On Tuesday, OpenAI released a new tool designed to help developers and businesses build AI agents (automated systems) that can use their own AI models and frameworks to accomplish tasks independently.
This tool is part of OpenAI's new answers API, allowing you to develop custom AI agents that can perform web searches, scan corporate files, and navigate websites. The answer API effectively replaces Openai's assistant API, which is scheduled to go to sunset in the first half of 2026.
The hype around AI agents has grown dramatically in recent years, despite the tech industry having a hard time showing or defining people what “AI agents” really are. In the latest example of agent hype running ahead of utilities, the Chinese startup butterfly effect went viral earlier this week on a new AI agent platform called Manus, which users quickly discovered, and did not offer much of the company's promises.
In other words, Openai has a high interest in getting the agent right.
“It's very easy to demonstrate an agent,” Openai's API product head Olivier Godemont told TechCrunch in an interview. “Scaling agents is pretty difficult, and it's very difficult to get people to use it.”
Earlier this year, Openai introduced two AI agents to ChatGPT. The operator is a deep search that navigates the website on your behalf and compiles research reports for you. Both tools provided a glimpse into what agent technology could achieve, but in the “autonomous” sector it required considerable hope.
Now, OpenAI wants to use API answers to sell access to components that power AI agents, allowing developers to build their own operator and deep search style agent applications. Openai hopes that developers can create several applications with agent technology that they find more autonomous than what is currently available.
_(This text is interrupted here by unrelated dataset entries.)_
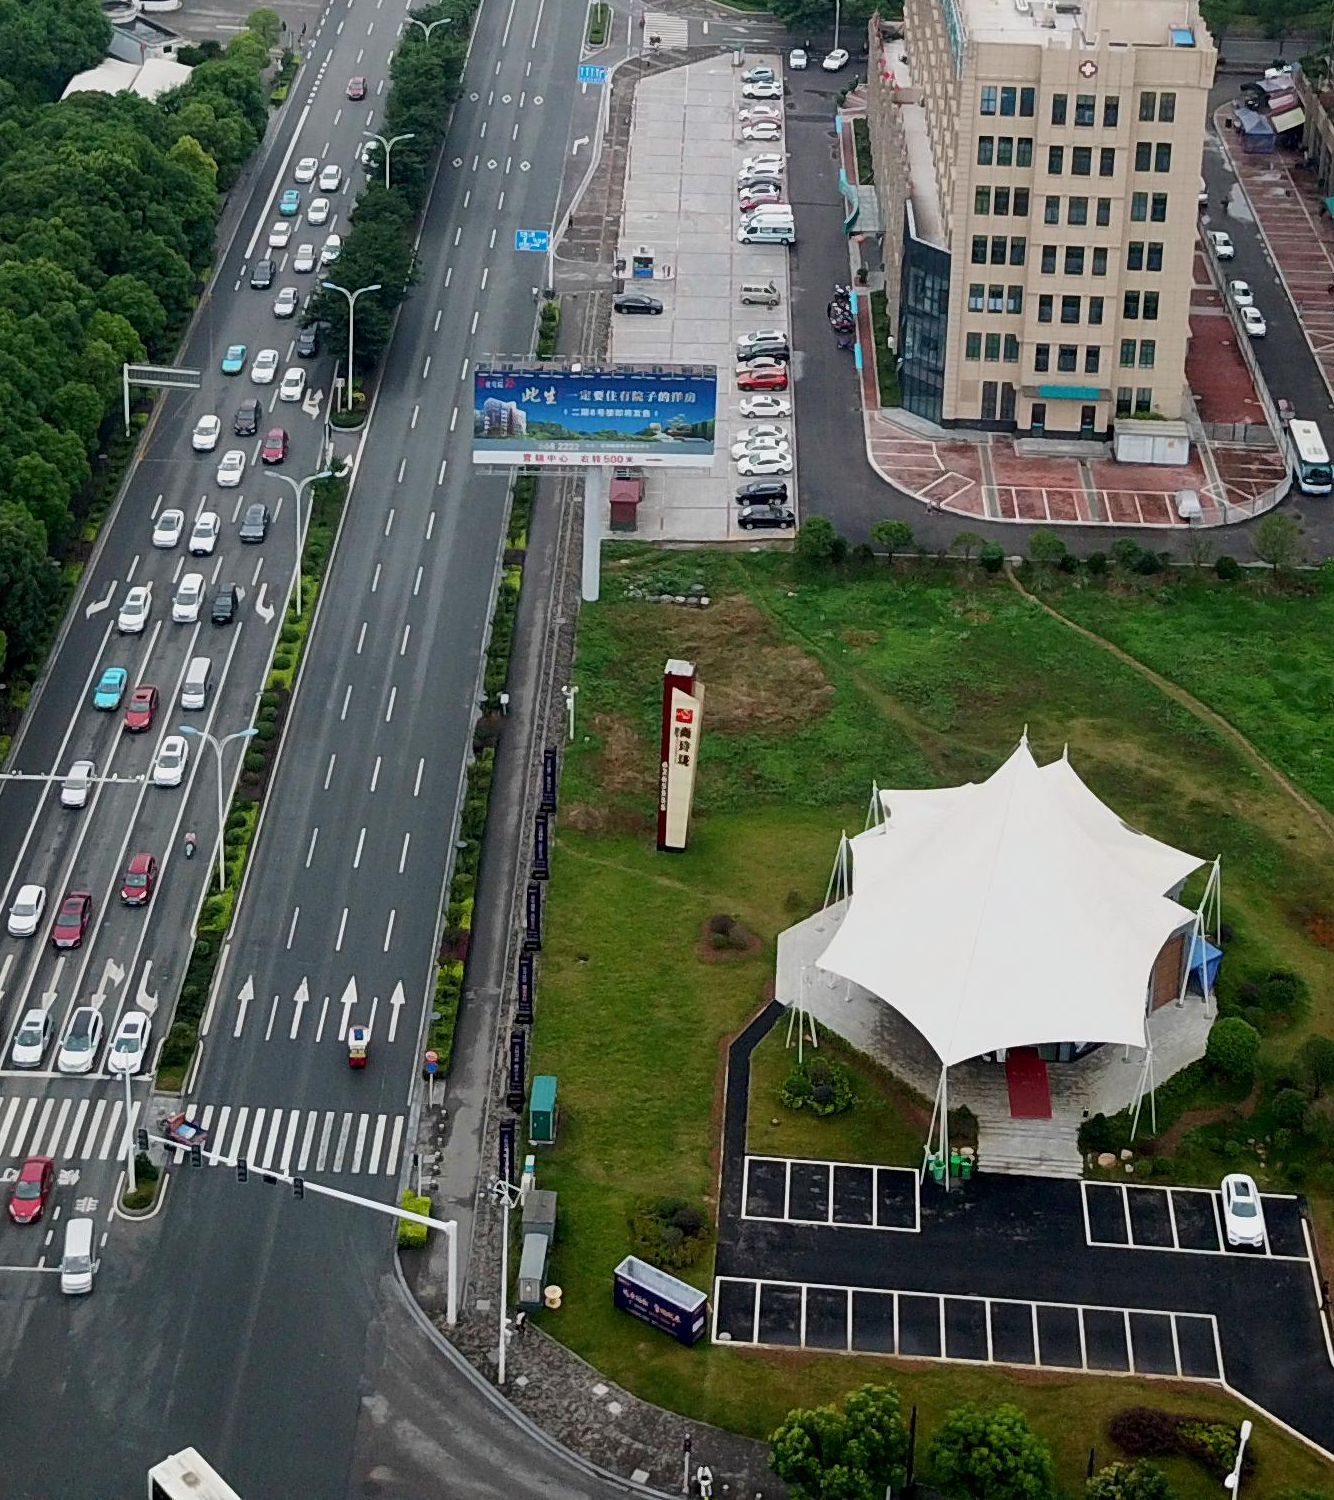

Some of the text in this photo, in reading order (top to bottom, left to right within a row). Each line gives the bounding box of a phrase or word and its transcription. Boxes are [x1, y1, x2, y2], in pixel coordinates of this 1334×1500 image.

[522, 386, 557, 404] 此生
[523, 453, 568, 463] 营销中心
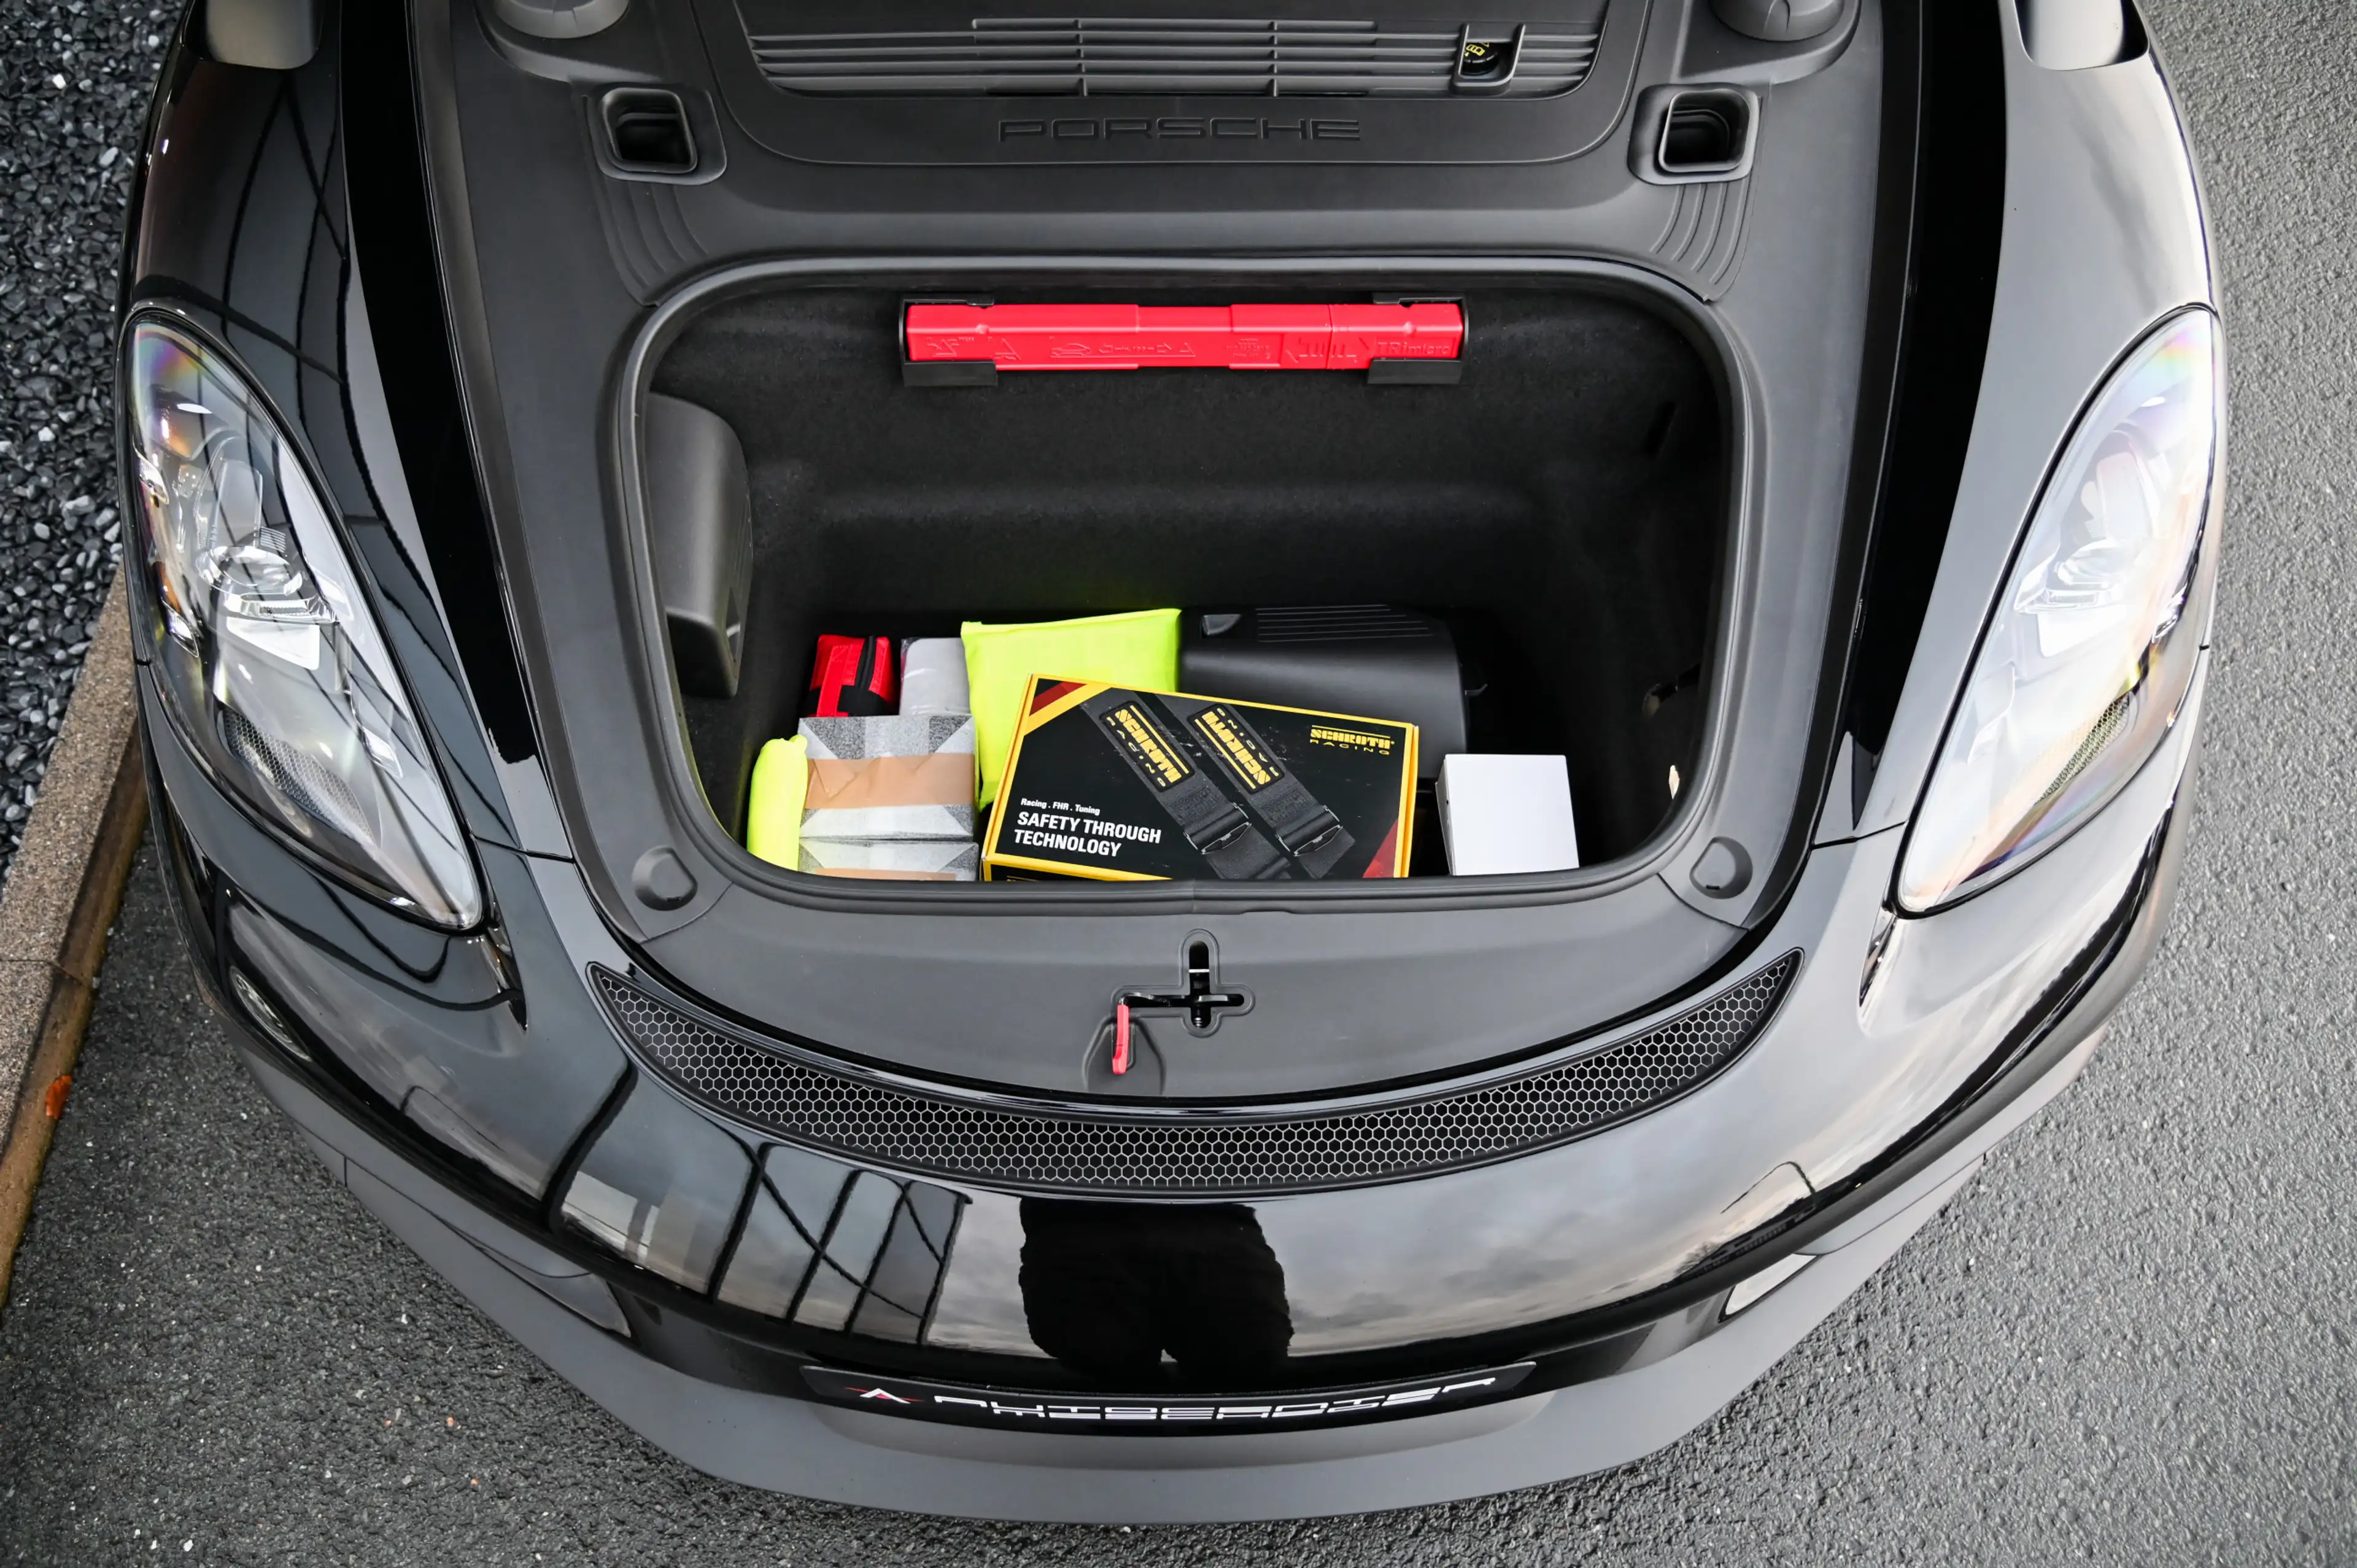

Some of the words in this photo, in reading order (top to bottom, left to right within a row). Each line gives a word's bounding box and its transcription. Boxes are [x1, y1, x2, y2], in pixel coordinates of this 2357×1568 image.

[997, 117, 1361, 141] PORSCHE
[1106, 716, 1166, 787] RACING
[1115, 709, 1182, 783] SCHROTH
[1201, 711, 1271, 785] SCHROTH
[1309, 738, 1390, 755] RACING
[1021, 798, 1047, 809] Racing
[1053, 801, 1069, 811] FHR
[1075, 804, 1101, 816] Tuning
[1014, 828, 1122, 857] TECHNOLOGY
[1017, 811, 1081, 832] SAFETY
[1083, 819, 1162, 844] THROUGH
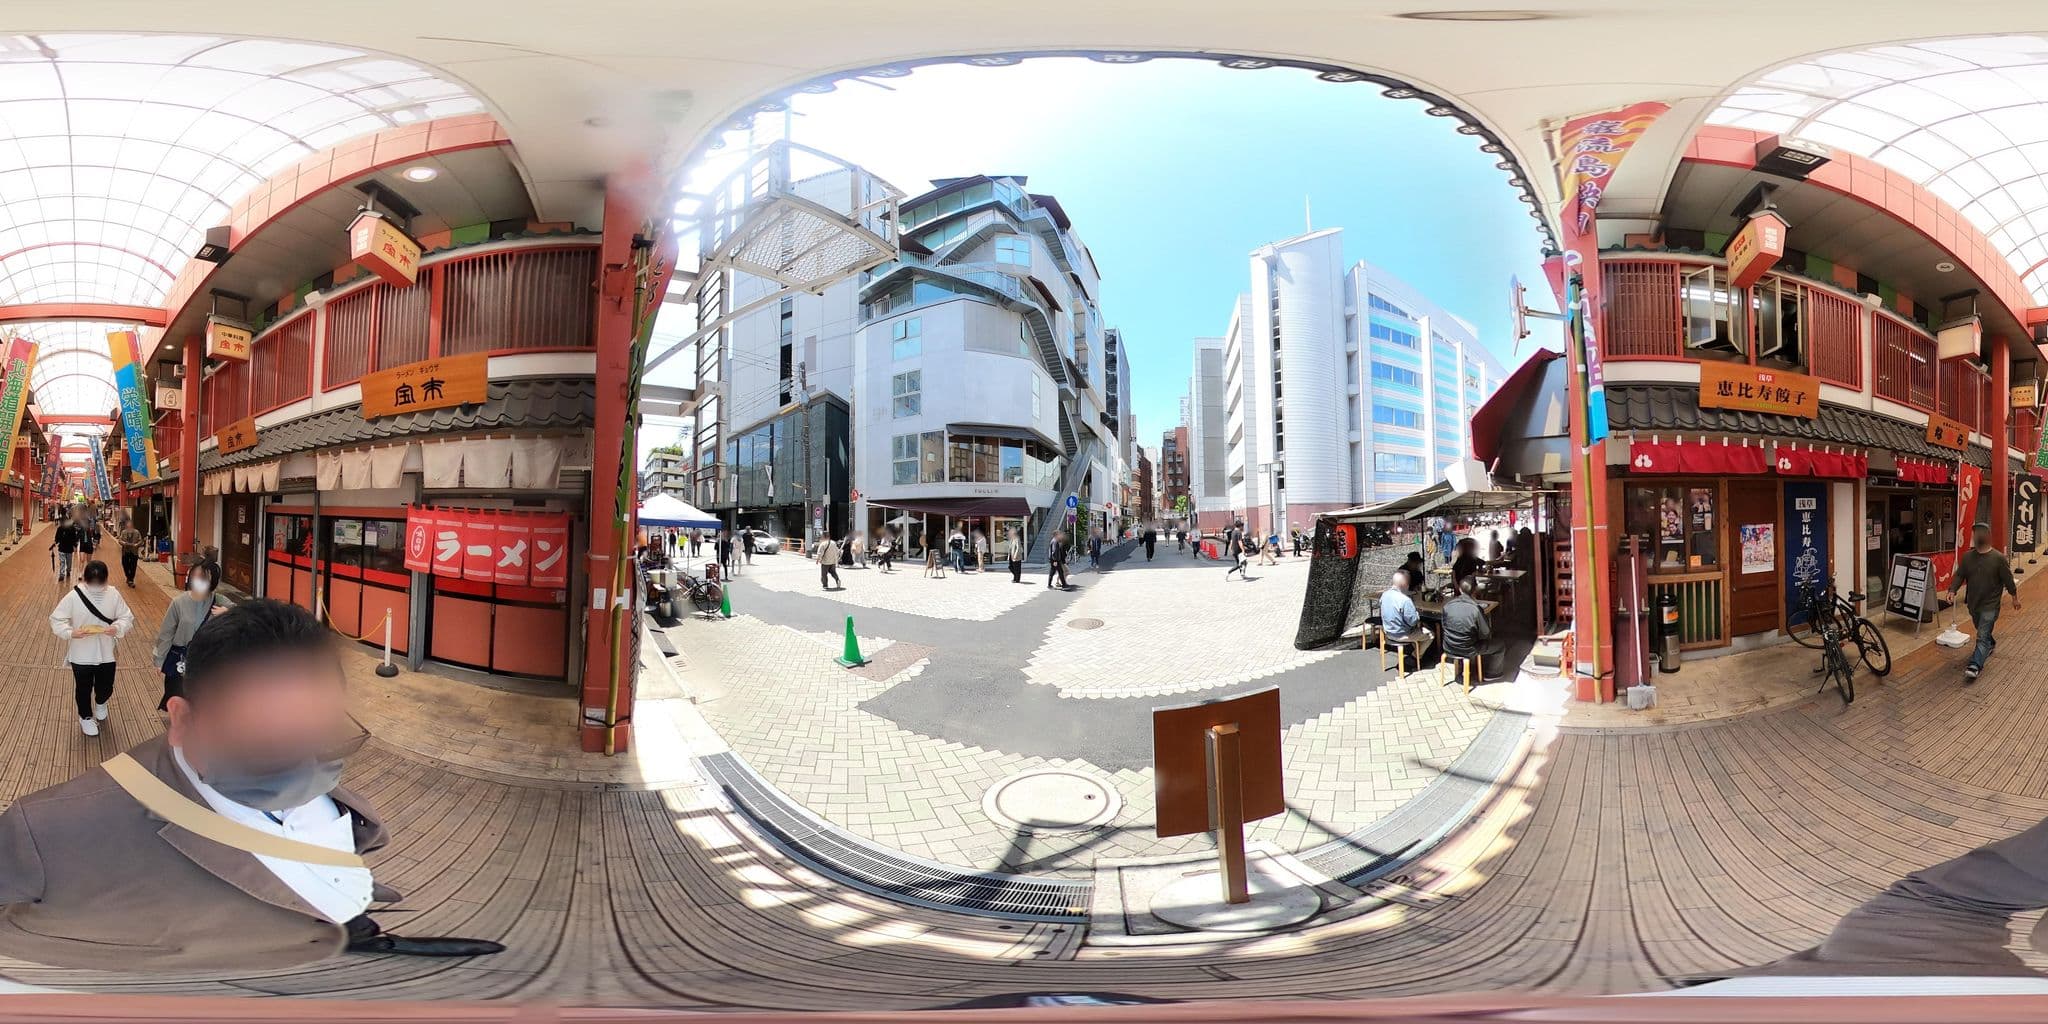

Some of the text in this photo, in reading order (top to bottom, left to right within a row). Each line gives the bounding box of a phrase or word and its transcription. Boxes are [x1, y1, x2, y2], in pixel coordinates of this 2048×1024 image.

[1717, 380, 1807, 405] 恵比寿餃子
[1801, 511, 1812, 548] 恵比寿
[2015, 481, 2038, 545] つけ麺
[436, 530, 563, 572] ラーメン
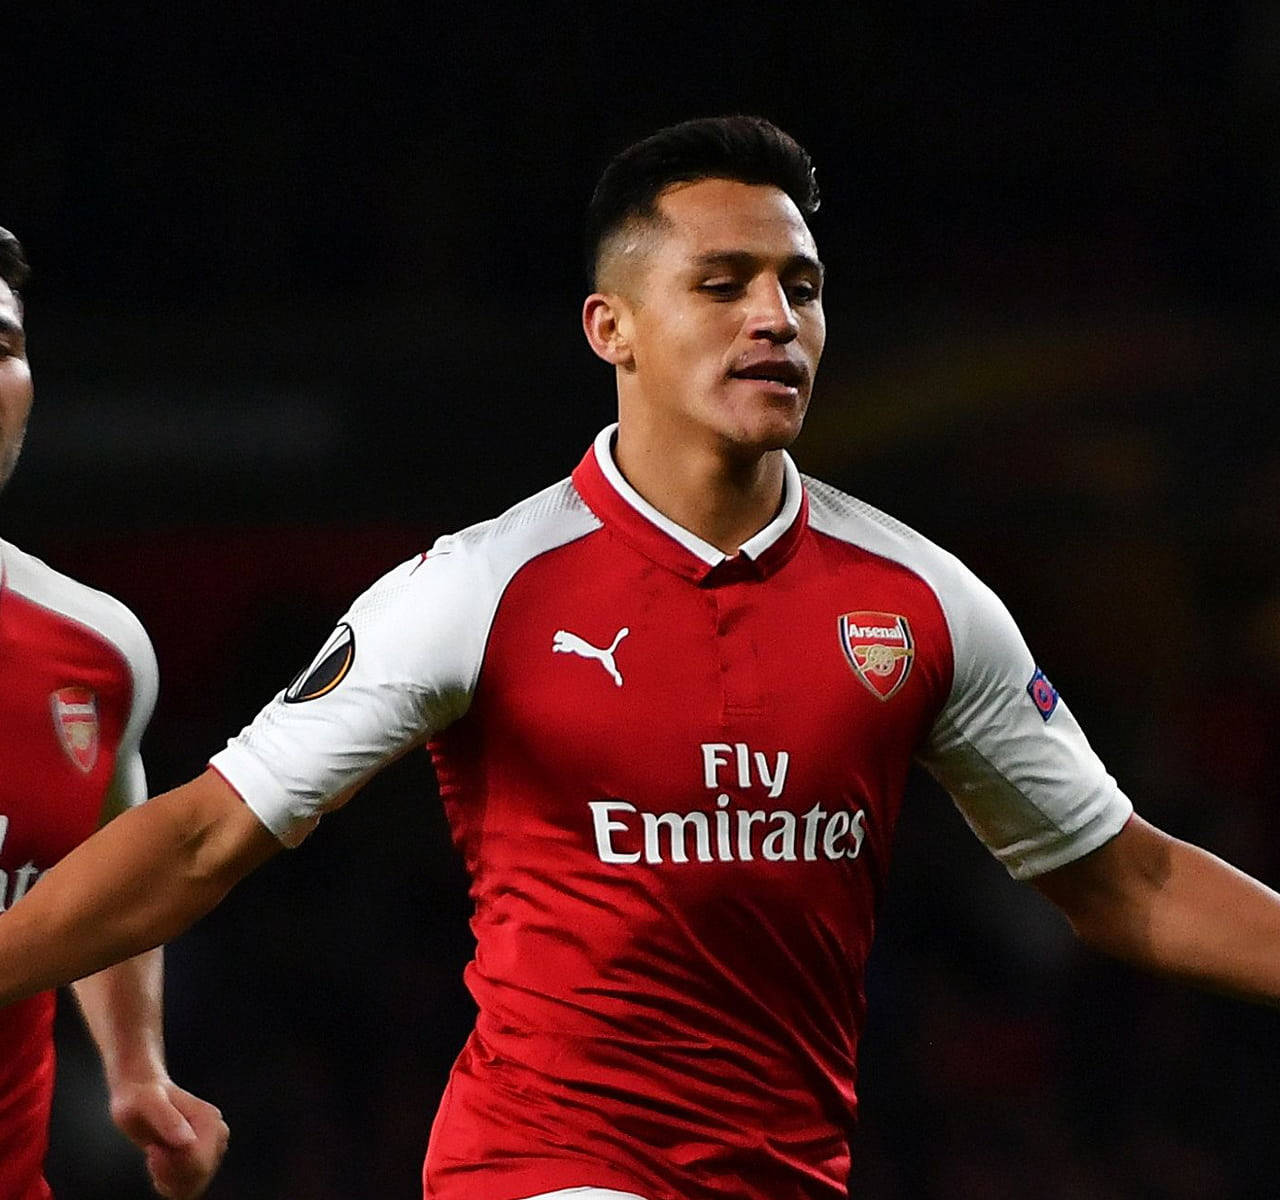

Using the Answer API, developers can tap the same AI model (preview) in Openai's ChatGPT Search Web Search Tool hood: GPT-4O Search and GPT-4O Mini Search. The model can browse the web to answer questions and cite the source when generating replies.
Openai claims that the GPT-4O and GPT-4O mini searches are very accurate. The company's SimpleQA benchmark measures the model's ability to answer questions that require short facts, and the GPT-4O search score is 90%, with a GPT-4O mini search score of 88% (higher ones better). For comparison, GPT-4.5 – Openai's much larger and more recently released model – just 63% score.
The fact that AI-powered search tools are more accurate than traditional AI models is not necessarily surprising. In theory, GPT-4O searches can look up the correct answer. However, web search does not provide a resolved problem for hallucinations. AI search tools tend to struggle with short navigation queries (such as “Lakers Scare Today”) beyond their de facto accuracy, and recent reports suggest that ChatGPT citations aren't always reliable.
The answer API also includes a file search utility that allows you to quickly scan files in your company's database to retrieve information. (Openai claims it does not train models on these files.) Additionally, developers using the Response API can tap Openai's Computer Usage Agent (CUA) model. This model generates mouse and keyboard actions, allowing developers to automate computer-used tasks such as data entry and app workflows.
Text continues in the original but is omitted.